(INFORMATION)
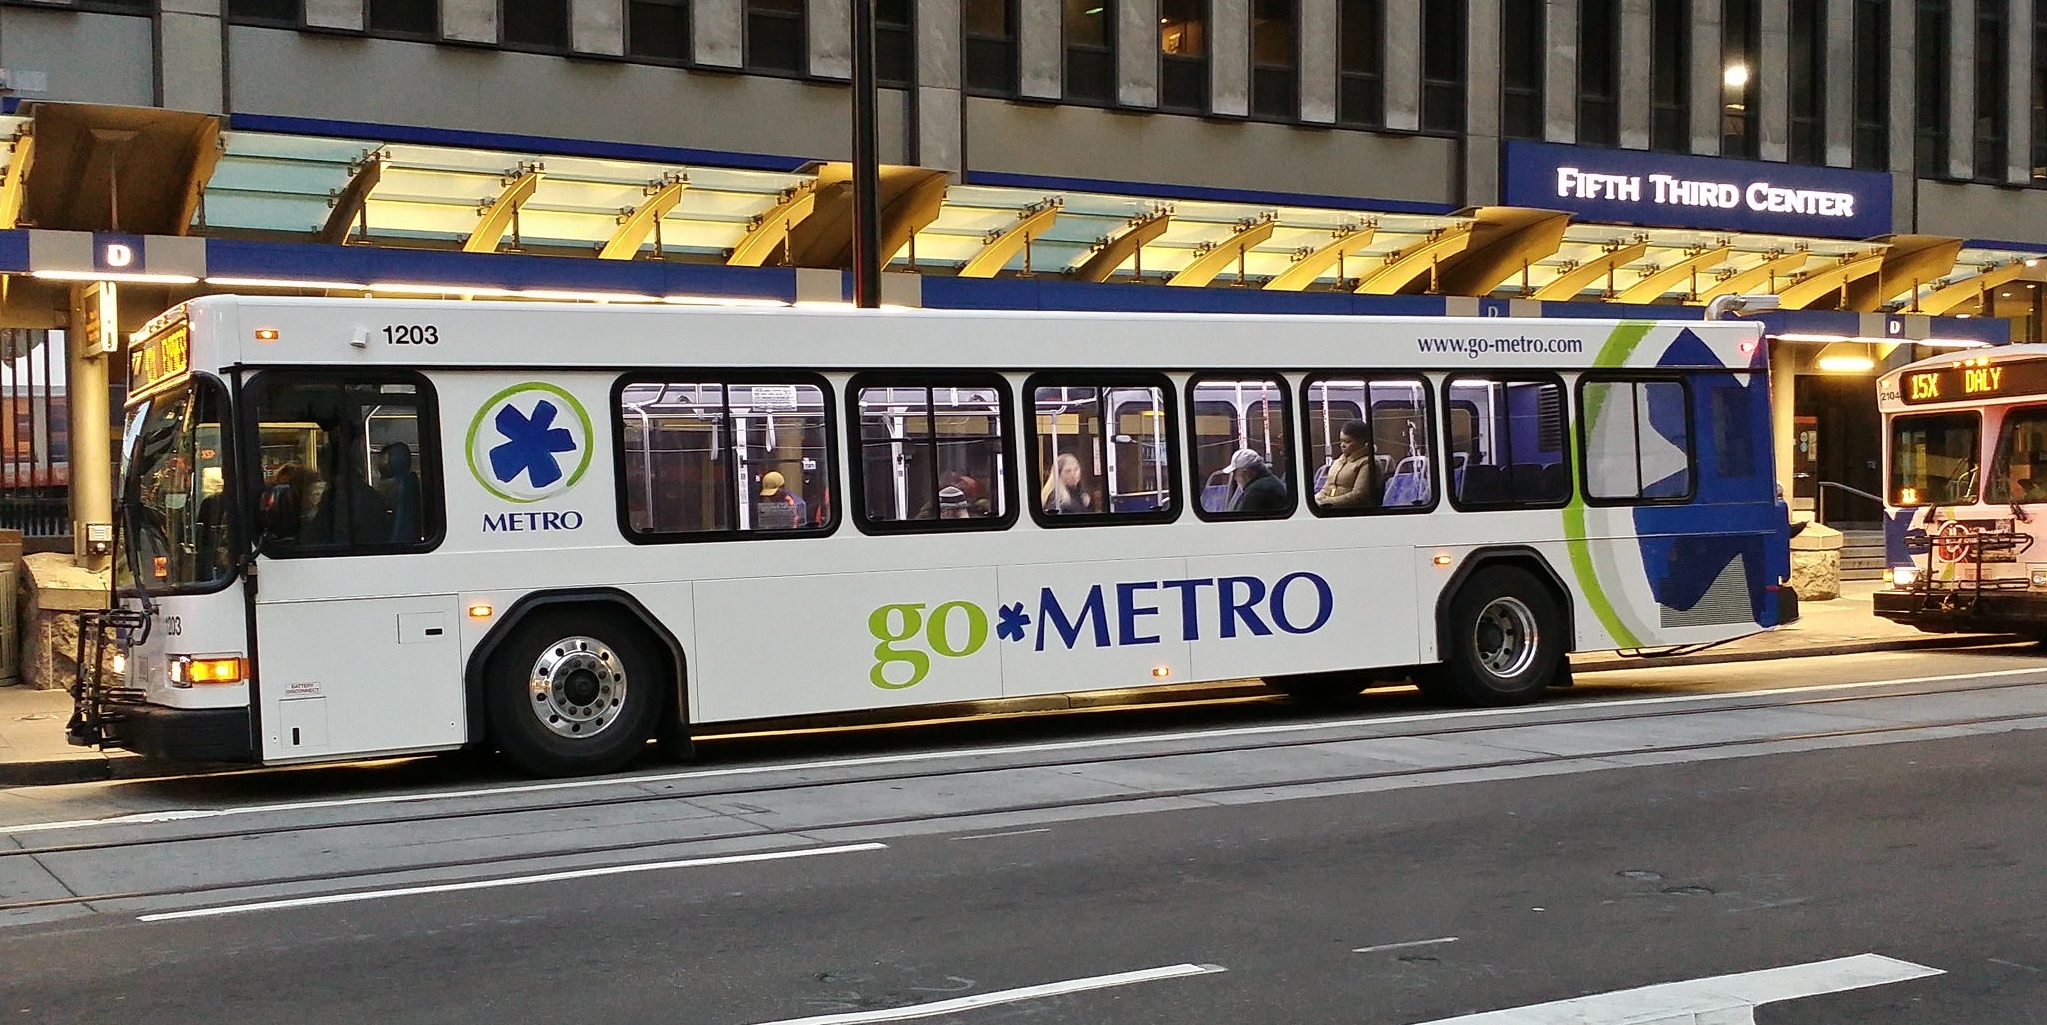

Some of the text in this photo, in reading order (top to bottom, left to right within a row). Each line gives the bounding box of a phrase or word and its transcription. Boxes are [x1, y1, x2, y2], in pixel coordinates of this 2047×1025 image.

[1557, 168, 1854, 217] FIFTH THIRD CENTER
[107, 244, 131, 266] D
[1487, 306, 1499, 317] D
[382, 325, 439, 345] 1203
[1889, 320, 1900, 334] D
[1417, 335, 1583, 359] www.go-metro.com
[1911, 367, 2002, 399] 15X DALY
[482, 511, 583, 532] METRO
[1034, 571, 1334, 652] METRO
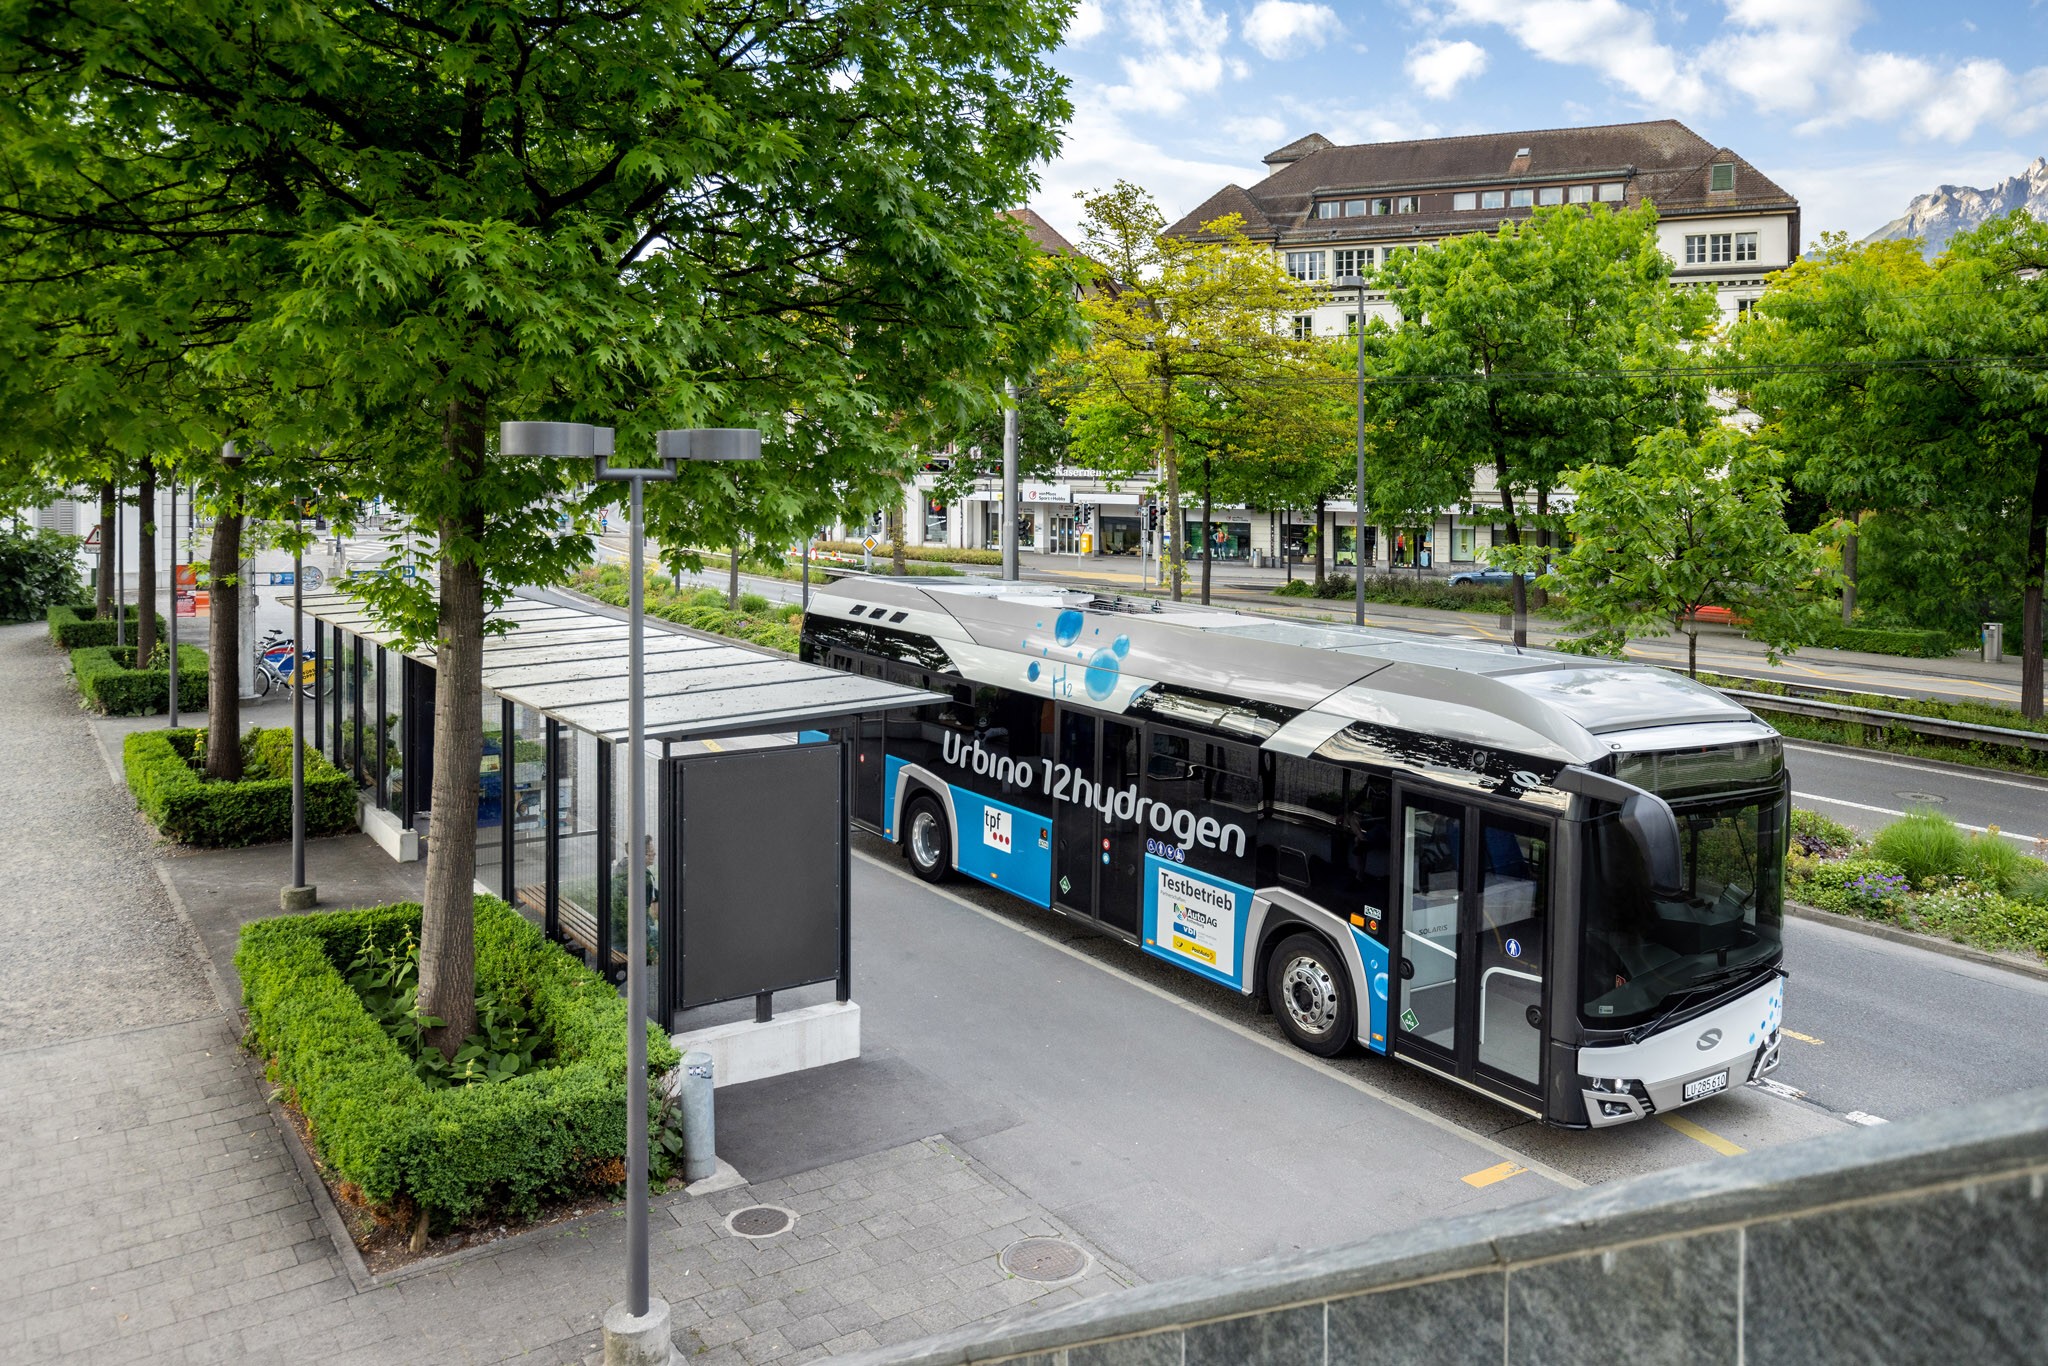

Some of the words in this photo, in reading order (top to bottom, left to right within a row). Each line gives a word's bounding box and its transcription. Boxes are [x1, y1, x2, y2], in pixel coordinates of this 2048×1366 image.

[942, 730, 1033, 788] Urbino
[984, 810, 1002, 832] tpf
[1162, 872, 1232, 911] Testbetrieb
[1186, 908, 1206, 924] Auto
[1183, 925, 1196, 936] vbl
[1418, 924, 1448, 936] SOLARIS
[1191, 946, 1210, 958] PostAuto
(End INFORMATION)
■ REQUIRED ACTION:
Write out exactly the final stretch of the records: the line containing "Some of the words" and every line after it, through the last, and nothing else.

■ REPLY TO THE EXERCISE:
Some of the words in this photo, in reading order (top to bottom, left to right within a row). Each line gives a word's bounding box and its transcription. Boxes are [x1, y1, x2, y2], in pixel coordinates of this 2048×1366 image.

[942, 730, 1033, 788] Urbino
[984, 810, 1002, 832] tpf
[1162, 872, 1232, 911] Testbetrieb
[1186, 908, 1206, 924] Auto
[1183, 925, 1196, 936] vbl
[1418, 924, 1448, 936] SOLARIS
[1191, 946, 1210, 958] PostAuto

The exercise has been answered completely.